Awesome malware development resources

snoop · April 15, 2022, 2:46am

I have made a organized list of malware development resources it’s quite hard to find em so i think it will help to anyone who want to learn malware dev, please give your feedback.

Tas-sos · April 20, 2022, 5:09am

Great work and so interesting! Thank you!

zakzallen · April 28, 2022, 2:34pm

Hmm… very intriguing. I will take a look.
Thank You!

flyturk · May 19, 2022, 1:57pm

Thanks for sharing… Good a knowledge

Verarosso · May 30, 2022, 4:35pm

Thanks! Awesome

fatehshakir · June 3, 2022, 11:05am

great work .

Sea · June 7, 2022, 1:02am

This is great. One thing that might be good for an update is a set curriculum taking newcomers from C through ASM and through additional topics.

With all of these links, it could be daunting for someone.

tig · June 7, 2022, 1:56pm

Thanks for sharing. well done

Ayamoto · June 26, 2022, 4:24pm

Do we have to learn C to make good malware or can python or bash be enough?

cipherkrytor1 · June 27, 2022, 5:56pm

i think python isnt a good language for malware dev

Ayamoto · June 27, 2022, 6:23pm

Why do you think it is not suitable

cipherkrytor1 · June 27, 2022, 6:33pm

because you habe to install python on victim pc. there are powershell scripts that can do that i think. but i am a noob bro so dont take my word.

Ayamoto · June 27, 2022, 6:55pm

Even if I put my python script in an exe, they must still have python? and C it is not the case.

Glorth · June 30, 2022, 12:04am

If it’s a .exe you don’t need Python installed.

Ayamoto · July 6, 2022, 1:42pm

That’s what I was thinking so python is cool for malware?
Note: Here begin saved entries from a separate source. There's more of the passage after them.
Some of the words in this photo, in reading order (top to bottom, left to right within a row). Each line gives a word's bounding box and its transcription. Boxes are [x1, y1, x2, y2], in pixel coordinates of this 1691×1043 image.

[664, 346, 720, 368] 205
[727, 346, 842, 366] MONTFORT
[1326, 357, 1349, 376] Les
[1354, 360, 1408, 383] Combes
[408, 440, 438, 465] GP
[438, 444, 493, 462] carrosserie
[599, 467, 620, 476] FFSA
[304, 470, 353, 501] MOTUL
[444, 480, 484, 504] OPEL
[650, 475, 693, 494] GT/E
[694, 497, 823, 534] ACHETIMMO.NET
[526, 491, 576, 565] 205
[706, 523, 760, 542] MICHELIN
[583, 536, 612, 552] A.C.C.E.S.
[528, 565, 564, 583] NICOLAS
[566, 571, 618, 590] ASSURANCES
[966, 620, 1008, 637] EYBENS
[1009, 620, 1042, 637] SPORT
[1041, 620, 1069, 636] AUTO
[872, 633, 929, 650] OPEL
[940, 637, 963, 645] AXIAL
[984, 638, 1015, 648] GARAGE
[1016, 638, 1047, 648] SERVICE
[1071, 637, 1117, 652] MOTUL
cpp_user · July 6, 2022, 4:46pm

As a POC malware developer, I can’t say Python is good. If you want high performance, an important part in malware, you have to learn a compiled language. I would recommend C/C++ or Go. Go is good for desktop and server malware, C/C++ for all places because it is cross platform. Python is not cross platform, so it is not good. Speaking from experience. Earlier, malware devs would use Python, but the problem was when compiling for Windows using py2exe, it would leave a lot of metadata used to identify them. So, they switched to Go. Go is easier to learn than Python, is powerful as C++/C, and is compiled, fast as well, and is high level. Go generated executables are big, so pack them with UPX. C++/C are low level languages and are more cross platform than Go, so what I did was learn C++ and Go. C++ and C can be used together, Go can be used with C, but not C++. So, what you should do is learn a low level language and a high level language. Also, Go is the easiest programming language in existence currently, so making malware will be easy in Go and it can replace C/C++ sometimes, but for mobile malware, you should use C/C++.
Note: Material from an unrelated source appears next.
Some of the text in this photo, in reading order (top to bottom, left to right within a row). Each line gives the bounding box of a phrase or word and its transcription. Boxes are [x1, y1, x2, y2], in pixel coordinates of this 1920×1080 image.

cpp_user · July 6, 2022, 4:47pm

Go runs on UNIX and its variants (MacOS, Linux, BSD,) and Windows, C++ on all platforms in existence currently.
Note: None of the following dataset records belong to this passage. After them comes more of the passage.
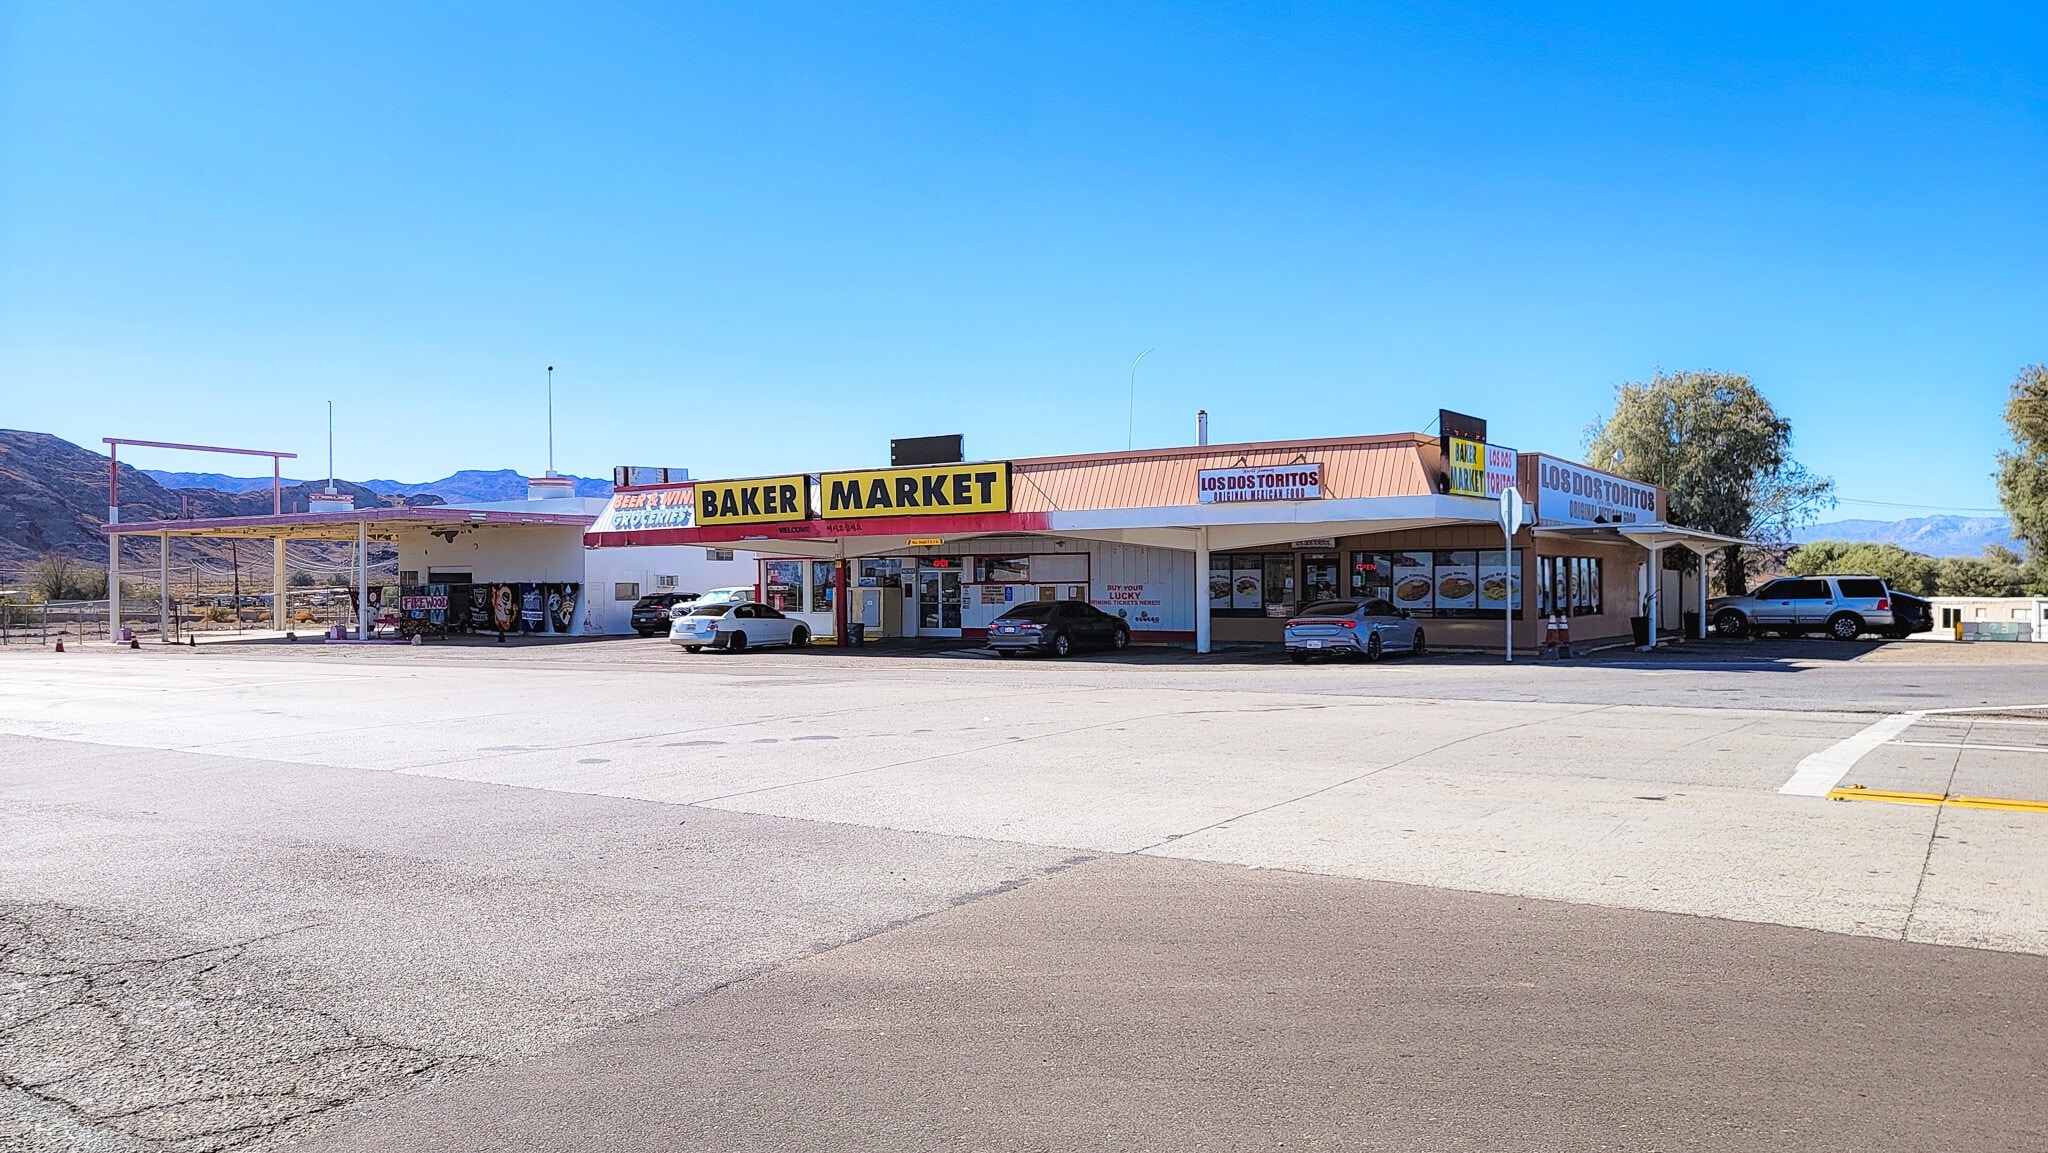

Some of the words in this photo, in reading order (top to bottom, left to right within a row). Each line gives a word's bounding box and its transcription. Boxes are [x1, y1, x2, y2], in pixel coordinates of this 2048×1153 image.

[1455, 443, 1477, 464] BAKER
[1489, 449, 1500, 467] LOS
[1501, 451, 1512, 469] DOS
[1201, 476, 1225, 491] LOS
[1227, 475, 1256, 490] DOS
[1256, 471, 1318, 489] TORITOS
[1451, 466, 1484, 493] MARKET
[1541, 463, 1571, 493] LOS
[1572, 471, 1603, 501] DOS
[1603, 480, 1655, 512] TORITOS
[613, 493, 647, 509] BEER
[647, 492, 659, 507] &
[701, 484, 799, 518] BAKER
[829, 472, 997, 511] MARKET
[1213, 490, 1247, 502] ORIGINAL
[1250, 488, 1282, 500] MEXICAN
[1286, 488, 1305, 499] FOOD
[611, 508, 689, 528] GROCERIES
[778, 525, 811, 534] WELCOME
[1355, 563, 1377, 571] OPEN
[403, 597, 449, 610] FIREWOOD
[1109, 592, 1141, 600] LUCKY
C12H4Cl2F6N4OS · July 10, 2022, 8:43pm

Considering most malware uses OS specific APIs when writing malware in C/C++, means the code is not cross platform at all…

nightwolf · July 27, 2022, 3:21pm

It depends, for example, you could take a look at Sliver a C2 framework written in Go. There are things that are OS specific but a base implant can be generated for just about anything Go can compile to in theory. Really, a lot of language choice boils down to personal preference and the challenges you want to deal with.

C12H4Cl2F6N4OS · July 27, 2022, 8:56pm

If you read my comment, I explicitly state “malware in c/c++”, not Golang.